# [The data]

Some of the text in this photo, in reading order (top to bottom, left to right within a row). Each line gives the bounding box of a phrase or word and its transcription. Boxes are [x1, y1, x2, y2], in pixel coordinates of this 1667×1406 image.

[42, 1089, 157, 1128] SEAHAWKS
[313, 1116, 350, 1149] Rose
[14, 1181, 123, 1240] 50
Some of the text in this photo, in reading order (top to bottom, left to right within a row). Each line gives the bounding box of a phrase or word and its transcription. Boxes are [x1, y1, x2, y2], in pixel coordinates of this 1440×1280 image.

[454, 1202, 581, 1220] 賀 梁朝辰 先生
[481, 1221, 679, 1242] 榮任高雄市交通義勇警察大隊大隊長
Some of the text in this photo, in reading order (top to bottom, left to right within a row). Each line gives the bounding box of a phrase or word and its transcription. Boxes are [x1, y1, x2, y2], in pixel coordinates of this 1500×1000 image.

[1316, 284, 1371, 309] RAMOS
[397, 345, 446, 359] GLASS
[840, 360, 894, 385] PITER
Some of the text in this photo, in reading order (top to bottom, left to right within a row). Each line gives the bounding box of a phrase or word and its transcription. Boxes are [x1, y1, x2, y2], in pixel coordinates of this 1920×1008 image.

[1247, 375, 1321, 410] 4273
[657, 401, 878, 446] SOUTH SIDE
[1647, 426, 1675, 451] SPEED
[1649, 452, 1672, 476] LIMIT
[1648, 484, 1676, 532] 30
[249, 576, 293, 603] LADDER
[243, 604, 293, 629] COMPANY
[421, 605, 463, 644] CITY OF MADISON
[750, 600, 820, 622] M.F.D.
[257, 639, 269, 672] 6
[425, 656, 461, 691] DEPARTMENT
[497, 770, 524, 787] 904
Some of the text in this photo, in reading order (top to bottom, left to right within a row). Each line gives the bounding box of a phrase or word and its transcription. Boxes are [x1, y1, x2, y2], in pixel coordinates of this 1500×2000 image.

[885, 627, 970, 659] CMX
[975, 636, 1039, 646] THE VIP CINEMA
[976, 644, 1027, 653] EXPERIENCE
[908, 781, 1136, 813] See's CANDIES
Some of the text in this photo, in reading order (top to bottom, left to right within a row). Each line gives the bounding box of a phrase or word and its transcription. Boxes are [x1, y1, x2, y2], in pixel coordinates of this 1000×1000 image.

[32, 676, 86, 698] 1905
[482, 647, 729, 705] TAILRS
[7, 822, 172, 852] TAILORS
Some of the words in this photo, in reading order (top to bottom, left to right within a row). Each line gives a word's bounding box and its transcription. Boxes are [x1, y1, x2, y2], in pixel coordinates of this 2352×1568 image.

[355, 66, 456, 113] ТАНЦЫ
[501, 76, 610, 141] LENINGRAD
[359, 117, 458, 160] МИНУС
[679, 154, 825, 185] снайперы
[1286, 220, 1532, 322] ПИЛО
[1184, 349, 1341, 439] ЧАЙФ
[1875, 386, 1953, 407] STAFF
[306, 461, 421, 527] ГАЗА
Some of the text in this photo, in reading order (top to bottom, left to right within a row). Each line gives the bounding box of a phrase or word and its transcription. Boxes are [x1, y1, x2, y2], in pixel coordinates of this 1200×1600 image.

# [Action item]
Please restate the preceding entries word for word.

# [Solution below]
Some of the text in this photo, in reading order (top to bottom, left to right within a row). Each line gives the bounding box of a phrase or word and its transcription. Boxes are [x1, y1, x2, y2], in pixel coordinates of this 1667×1406 image.

[42, 1089, 157, 1128] SEAHAWKS
[313, 1116, 350, 1149] Rose
[14, 1181, 123, 1240] 50
Some of the text in this photo, in reading order (top to bottom, left to right within a row). Each line gives the bounding box of a phrase or word and its transcription. Boxes are [x1, y1, x2, y2], in pixel coordinates of this 1440×1280 image.

[454, 1202, 581, 1220] 賀 梁朝辰 先生
[481, 1221, 679, 1242] 榮任高雄市交通義勇警察大隊大隊長
Some of the text in this photo, in reading order (top to bottom, left to right within a row). Each line gives the bounding box of a phrase or word and its transcription. Boxes are [x1, y1, x2, y2], in pixel coordinates of this 1500×1000 image.

[1316, 284, 1371, 309] RAMOS
[397, 345, 446, 359] GLASS
[840, 360, 894, 385] PITER
Some of the text in this photo, in reading order (top to bottom, left to right within a row). Each line gives the bounding box of a phrase or word and its transcription. Boxes are [x1, y1, x2, y2], in pixel coordinates of this 1920×1008 image.

[1247, 375, 1321, 410] 4273
[657, 401, 878, 446] SOUTH SIDE
[1647, 426, 1675, 451] SPEED
[1649, 452, 1672, 476] LIMIT
[1648, 484, 1676, 532] 30
[249, 576, 293, 603] LADDER
[243, 604, 293, 629] COMPANY
[421, 605, 463, 644] CITY OF MADISON
[750, 600, 820, 622] M.F.D.
[257, 639, 269, 672] 6
[425, 656, 461, 691] DEPARTMENT
[497, 770, 524, 787] 904
Some of the text in this photo, in reading order (top to bottom, left to right within a row). Each line gives the bounding box of a phrase or word and its transcription. Boxes are [x1, y1, x2, y2], in pixel coordinates of this 1500×2000 image.

[885, 627, 970, 659] CMX
[975, 636, 1039, 646] THE VIP CINEMA
[976, 644, 1027, 653] EXPERIENCE
[908, 781, 1136, 813] See's CANDIES
Some of the text in this photo, in reading order (top to bottom, left to right within a row). Each line gives the bounding box of a phrase or word and its transcription. Boxes are [x1, y1, x2, y2], in pixel coordinates of this 1000×1000 image.

[32, 676, 86, 698] 1905
[482, 647, 729, 705] TAILRS
[7, 822, 172, 852] TAILORS
Some of the words in this photo, in reading order (top to bottom, left to right within a row). Each line gives a word's bounding box and its transcription. Boxes are [x1, y1, x2, y2], in pixel coordinates of this 2352×1568 image.

[355, 66, 456, 113] ТАНЦЫ
[501, 76, 610, 141] LENINGRAD
[359, 117, 458, 160] МИНУС
[679, 154, 825, 185] снайперы
[1286, 220, 1532, 322] ПИЛО
[1184, 349, 1341, 439] ЧАЙФ
[1875, 386, 1953, 407] STAFF
[306, 461, 421, 527] ГАЗА
Some of the text in this photo, in reading order (top to bottom, left to right within a row). Each line gives the bounding box of a phrase or word and its transcription. Boxes are [x1, y1, x2, y2], in pixel coordinates of this 1200×1600 image.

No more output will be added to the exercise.